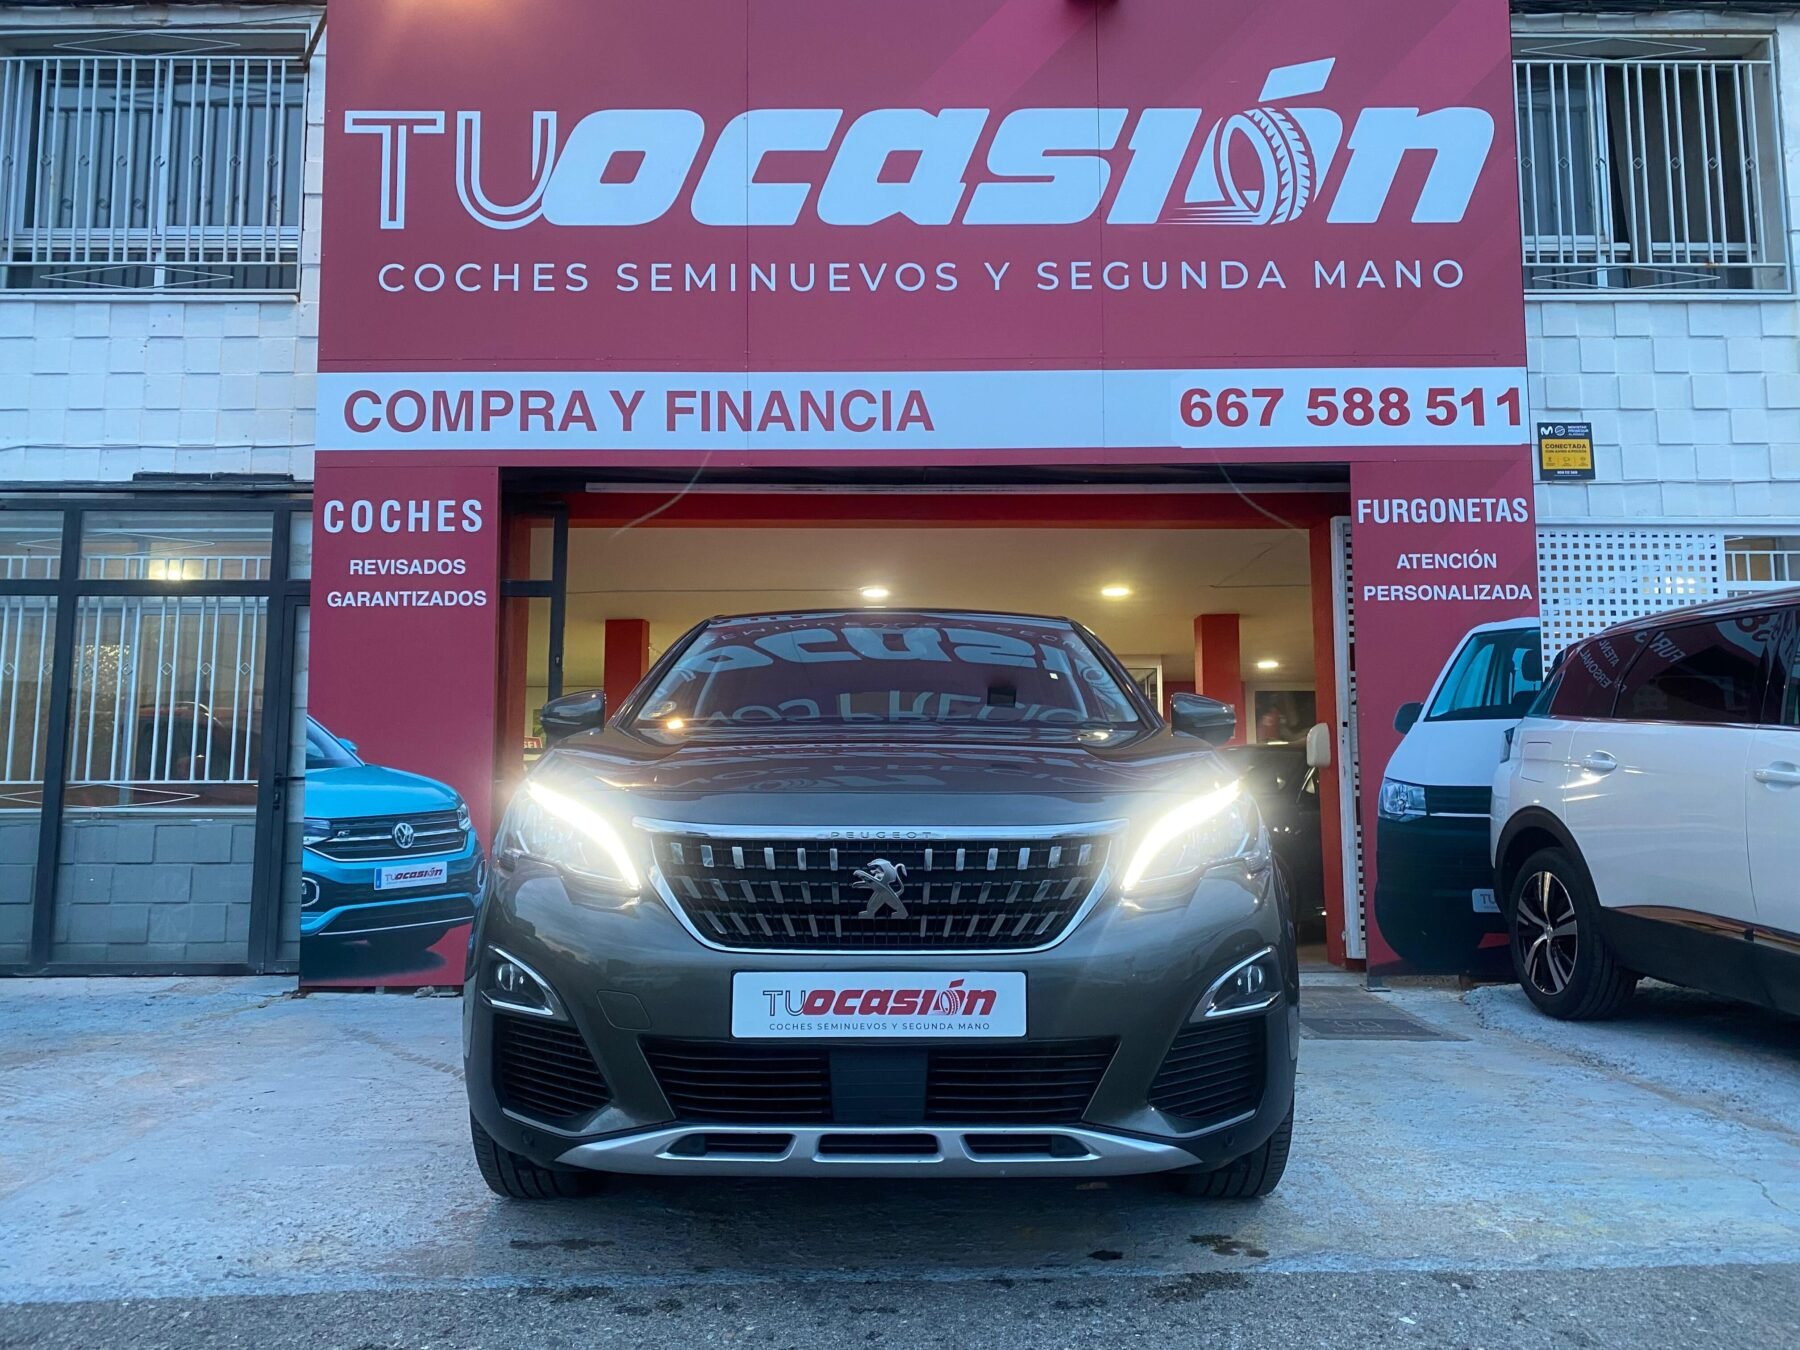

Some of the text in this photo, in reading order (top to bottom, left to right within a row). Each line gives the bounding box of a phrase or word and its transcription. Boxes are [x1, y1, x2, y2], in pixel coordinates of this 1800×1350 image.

[378, 259, 1465, 293] COCHES SEMINUEVOS Y SEGUNDA MANO
[343, 388, 935, 434] COMPRA Y FINANCIA
[1180, 386, 1521, 428] 667 588 511
[323, 499, 483, 534] COCHES
[1357, 497, 1529, 524] FURGONETAS
[349, 558, 467, 576] REVISADOS
[1396, 549, 1498, 569] ATENCIÓN
[327, 590, 488, 608] GARANTIZADOS
[1363, 584, 1533, 601] PERSONALIZADA
[830, 831, 932, 839] PEUGEOT
[769, 1022, 991, 1031] COCHES SEMINUEVOS Y SEGUNDA MANO

WORK TASK: Retype every entry word for word, but do not carry over the pictures.

COMPLETED EXERCISE:
Some of the text in this photo, in reading order (top to bottom, left to right within a row). Each line gives the bounding box of a phrase or word and its transcription. Boxes are [x1, y1, x2, y2], in pixel coordinates of this 1800×1350 image.

[378, 259, 1465, 293] COCHES SEMINUEVOS Y SEGUNDA MANO
[343, 388, 935, 434] COMPRA Y FINANCIA
[1180, 386, 1521, 428] 667 588 511
[323, 499, 483, 534] COCHES
[1357, 497, 1529, 524] FURGONETAS
[349, 558, 467, 576] REVISADOS
[1396, 549, 1498, 569] ATENCIÓN
[327, 590, 488, 608] GARANTIZADOS
[1363, 584, 1533, 601] PERSONALIZADA
[830, 831, 932, 839] PEUGEOT
[769, 1022, 991, 1031] COCHES SEMINUEVOS Y SEGUNDA MANO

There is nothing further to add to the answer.